Why spend money and reading time on two older gents kvetching in Where Were We? That’s easy. Because you’re unlikely to find more amusing kvetching anywhere in print than in this compendium of email correspondence between two men of letters, one in America, the other in England. It’s a follow-on of the equally entertaining, Distant Intimacy, published by Yale University Press in 2013 and still available.

The correspondents are Chicago writer Joseph Epstein — the best essayist on active duty today and a fine short story writer — and novelist, classicist, and Oscar-winning screenwriter Frederic Raphael, a Chicago native who moved with his family to England when he was seven and has remained there. Both are well-placed to take on so many precincts of Vanity Fair, by talent and by their personal experience with so many of the principal players there.

There have been books of letters between writers before, but of the snail-mail, on-paper variety. To my knowledge, this is the first email exchange put between book covers, proving that electronic exchanges don’t require a short-hand language. One can be just as articulate on the computer keyboard as with a typewriter. What makes this project even more unusual is that these friends, who’ve worked together on literary projects long-range, have never met or even talked on the phone. No bar to friendship in the age of email.
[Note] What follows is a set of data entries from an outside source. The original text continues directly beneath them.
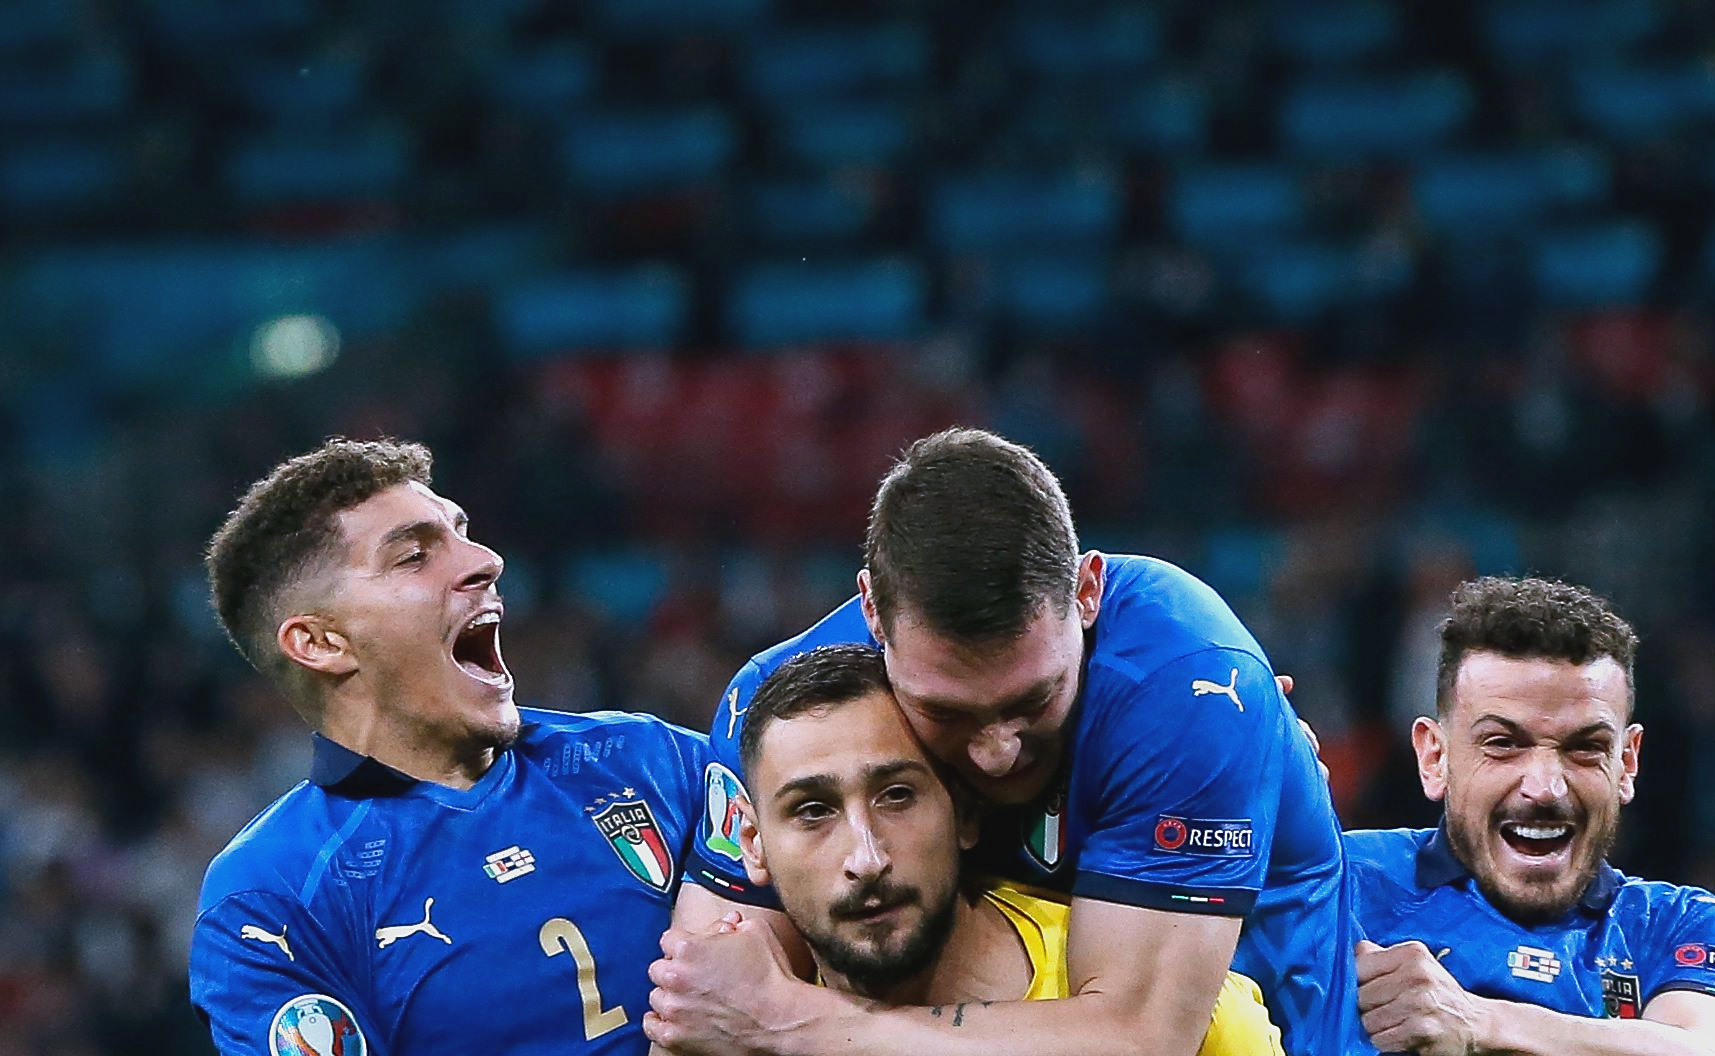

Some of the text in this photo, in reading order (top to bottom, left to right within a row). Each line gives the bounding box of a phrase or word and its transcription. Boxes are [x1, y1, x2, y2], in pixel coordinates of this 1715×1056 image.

[600, 808, 646, 832] ITALIA
[1189, 829, 1252, 848] RESPECT
[539, 917, 628, 1041] 2
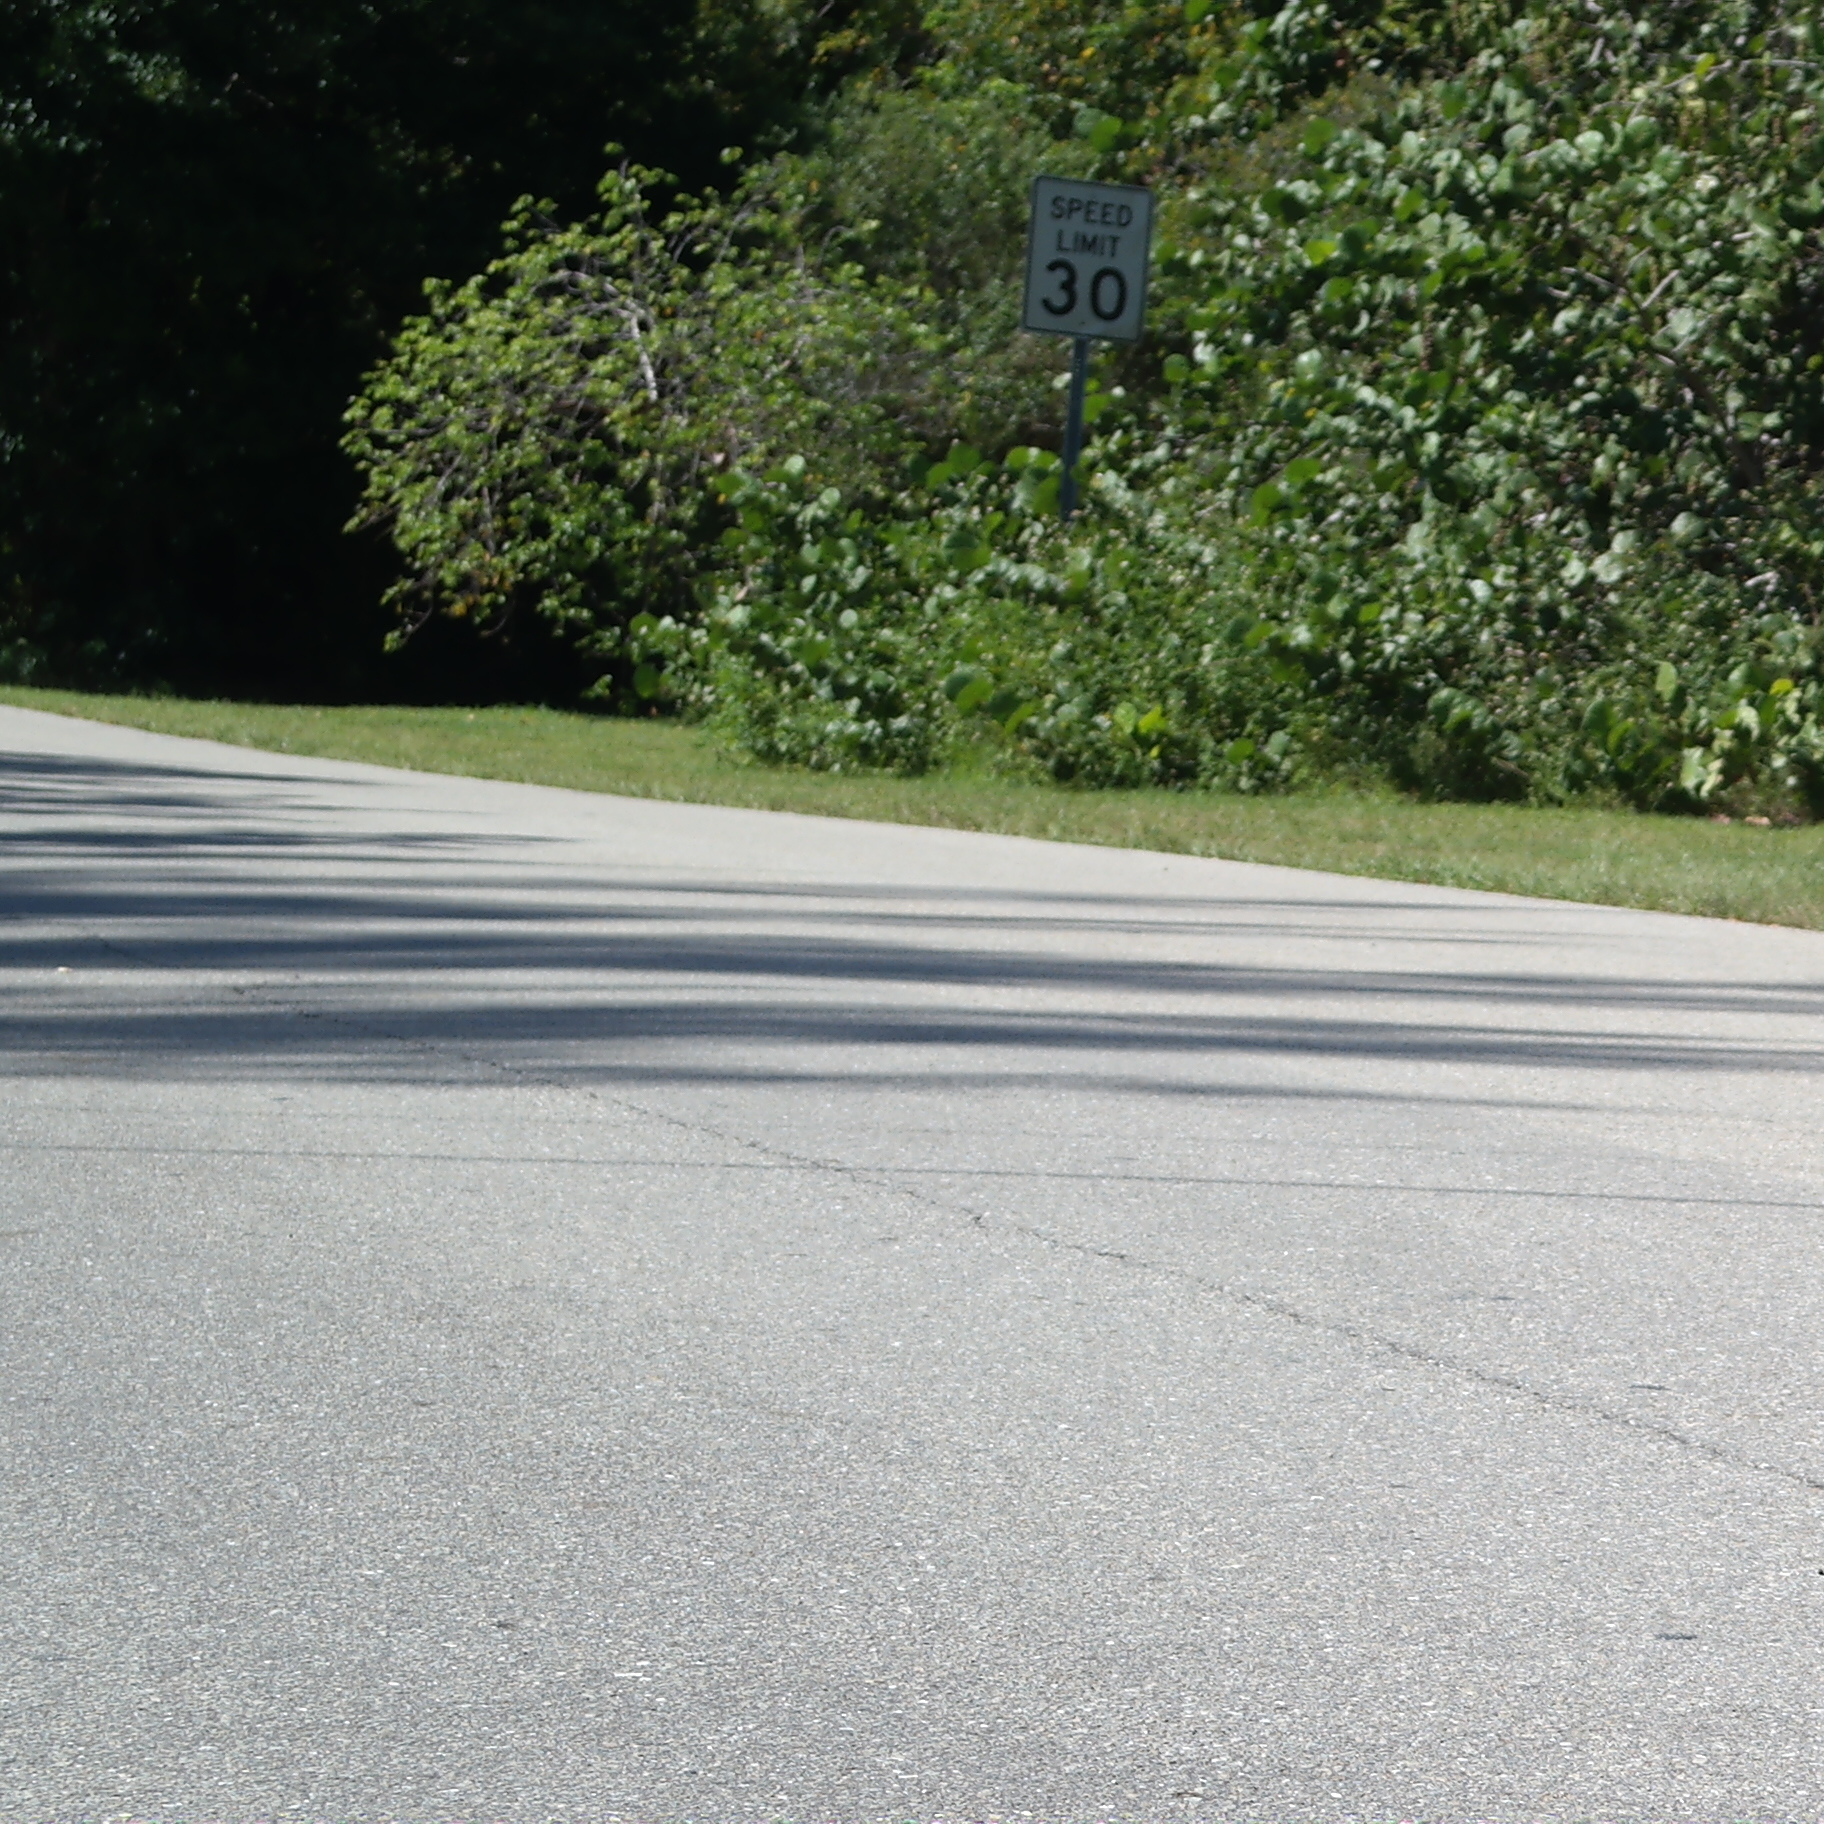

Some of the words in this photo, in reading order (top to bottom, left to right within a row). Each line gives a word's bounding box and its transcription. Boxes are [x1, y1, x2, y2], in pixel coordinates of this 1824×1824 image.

[1051, 196, 1133, 226] SPEED
[1056, 229, 1121, 257] LIMIT
[1041, 258, 1127, 321] 30
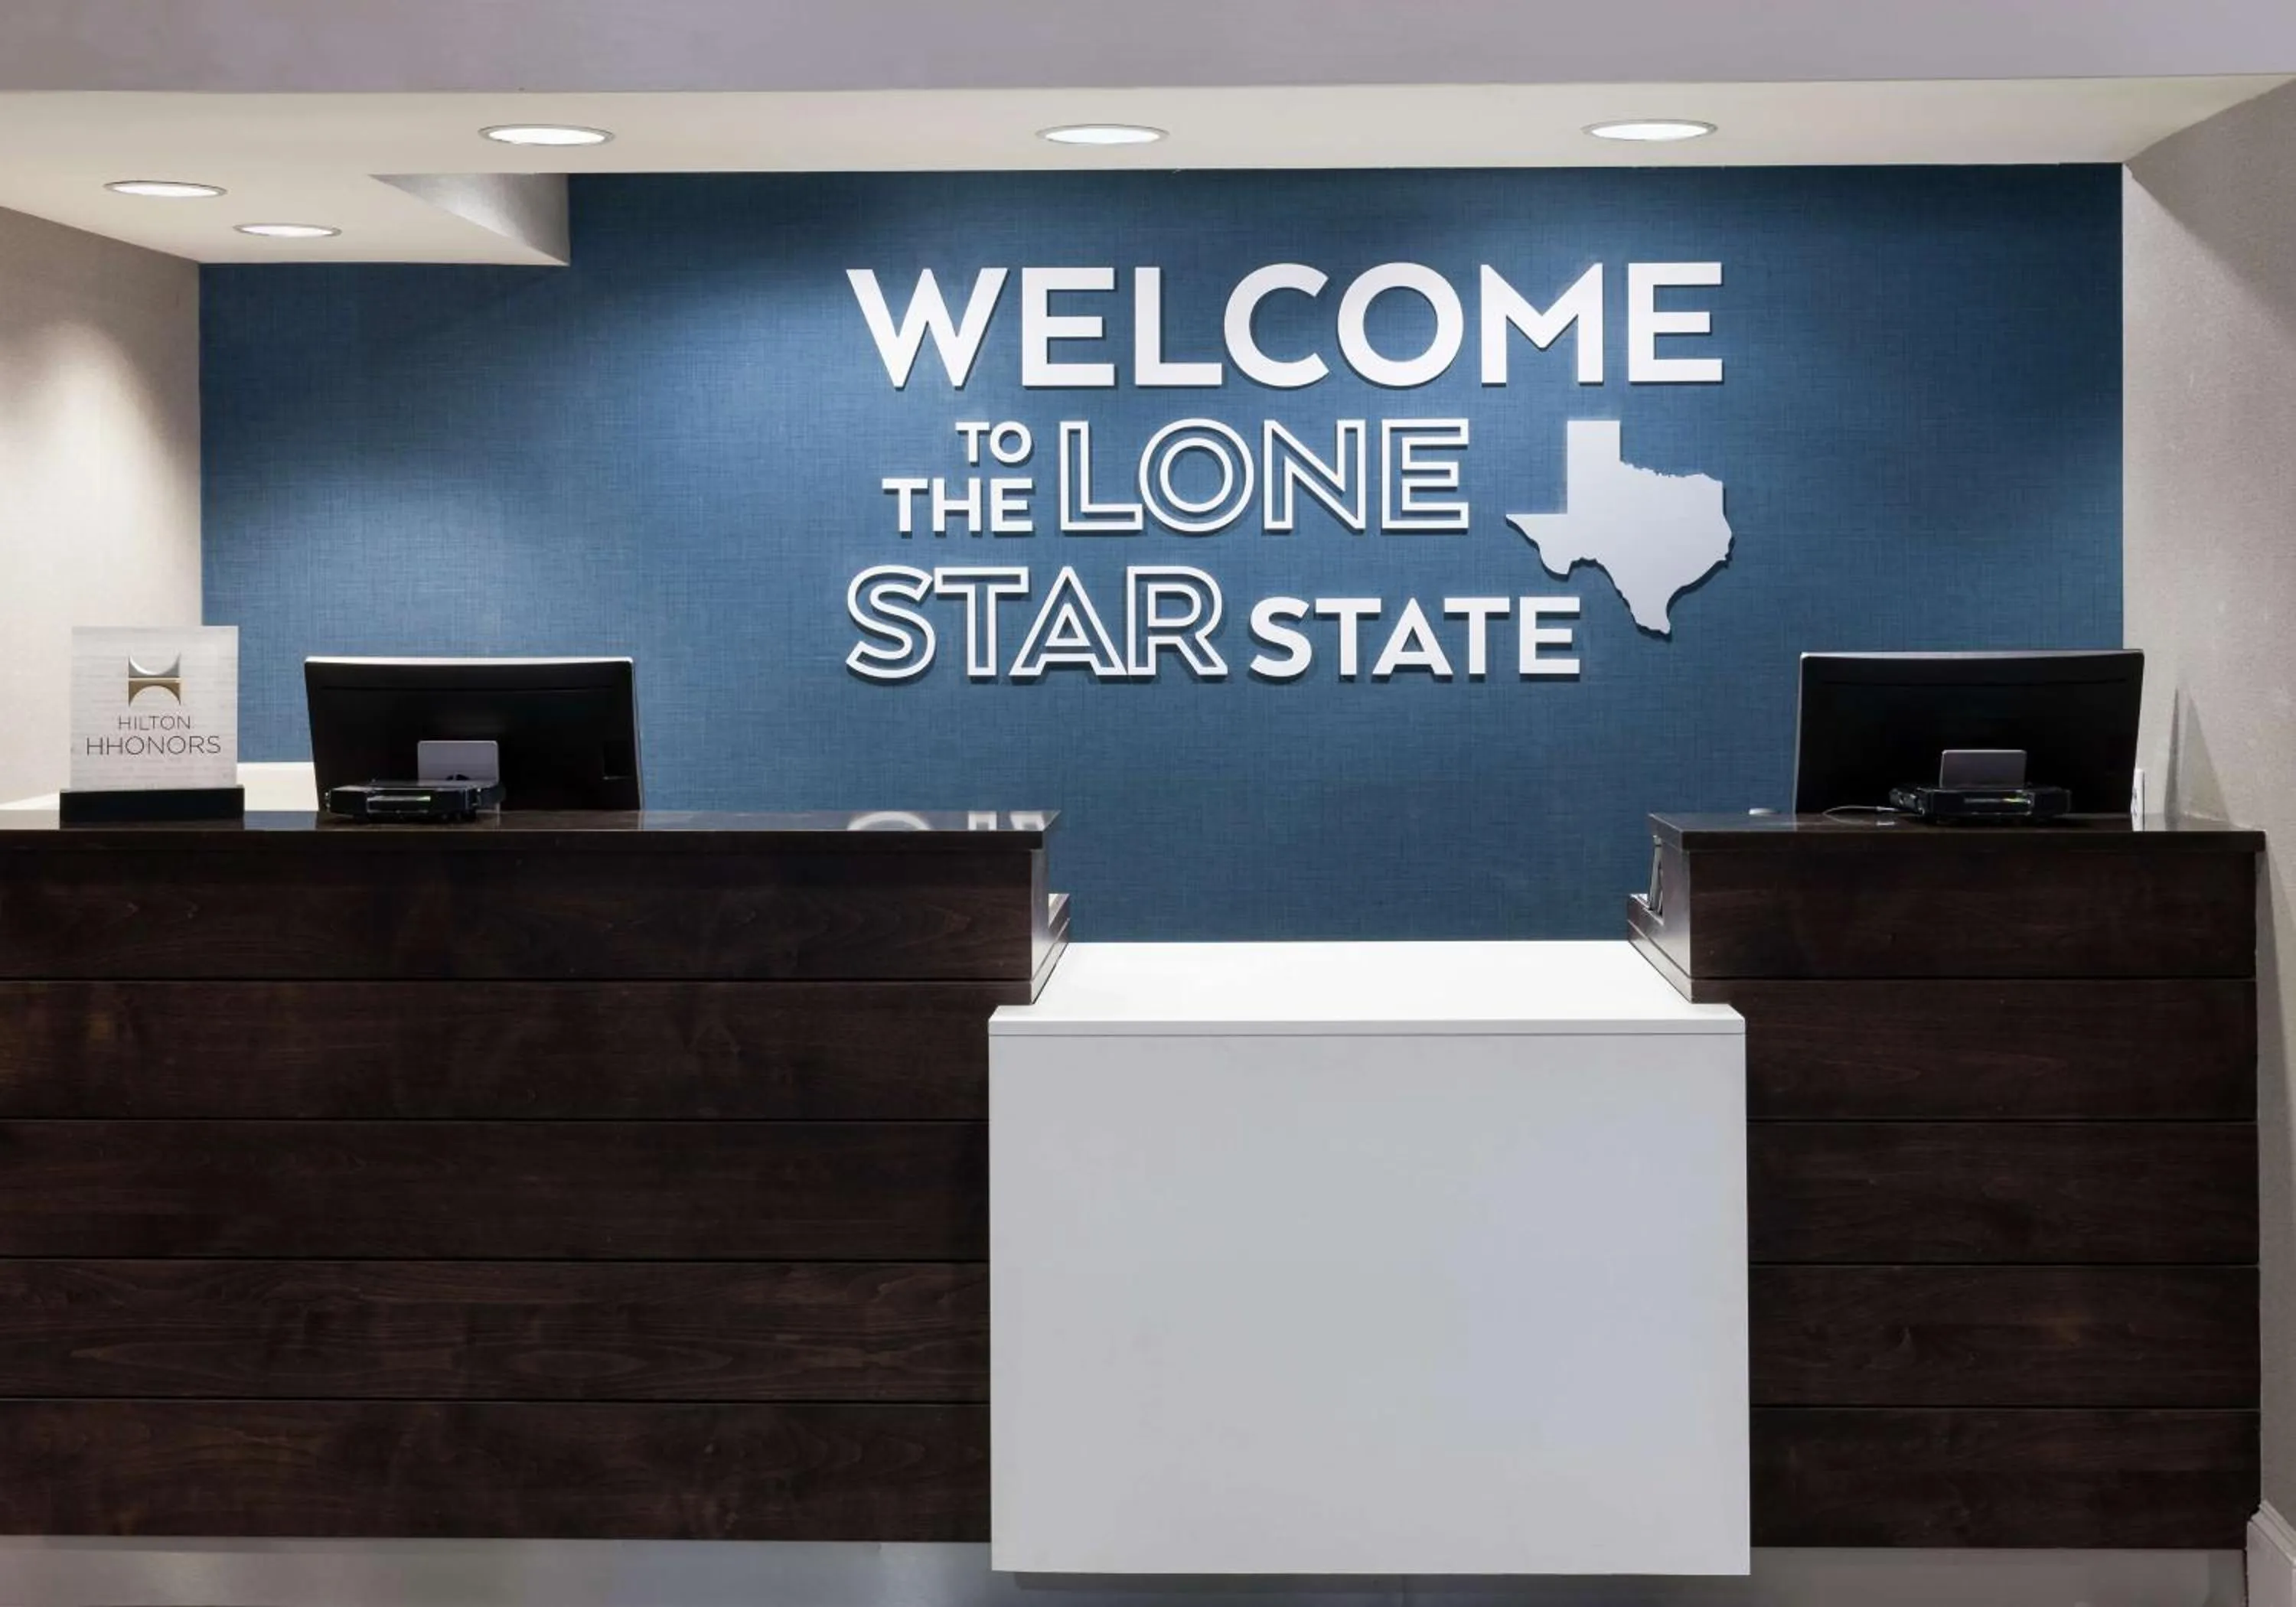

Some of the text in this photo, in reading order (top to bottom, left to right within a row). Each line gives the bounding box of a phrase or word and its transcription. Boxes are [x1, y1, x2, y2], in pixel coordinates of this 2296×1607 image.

I lift both of these unusual books up to readers who would enjoy looking in on the conversations of two high-toned men of letters who’ve survived more than a half century in Hollywood, academe, and the literary world with their humor intact and with the gifts of graceful, witty expression and exuberance. They’ve reached their anecdotage. And what anecdotes readers will find here. These two take on the literary world and its denizens, Hollywood and the movie bizz, politics in small doses (neither is a partisan or an ideologue), intellectual fads and fashions, current cultural delusions, and other aspects of the passing scene, to include some high-toned gossip.

Regular readers of this space have heard me whoop up Epstein’s many charms as an essayist — of the literary or familiar kind — and his power as a story teller. Raphael was new to me, as screenwriters tend to toil in obscurity. (His silver screen work includes Eyes Wide Shut, Far From the Madding Crowd, Darling, Daisy Miller.) And his novels are not as well known in America as in the UK. But when it comes to the bon mot, the sharp insight, the apt description, the telling pun, the precise, humorous (and usually well-deserved) putdown, Raphael, like Epstein, has a live fastball.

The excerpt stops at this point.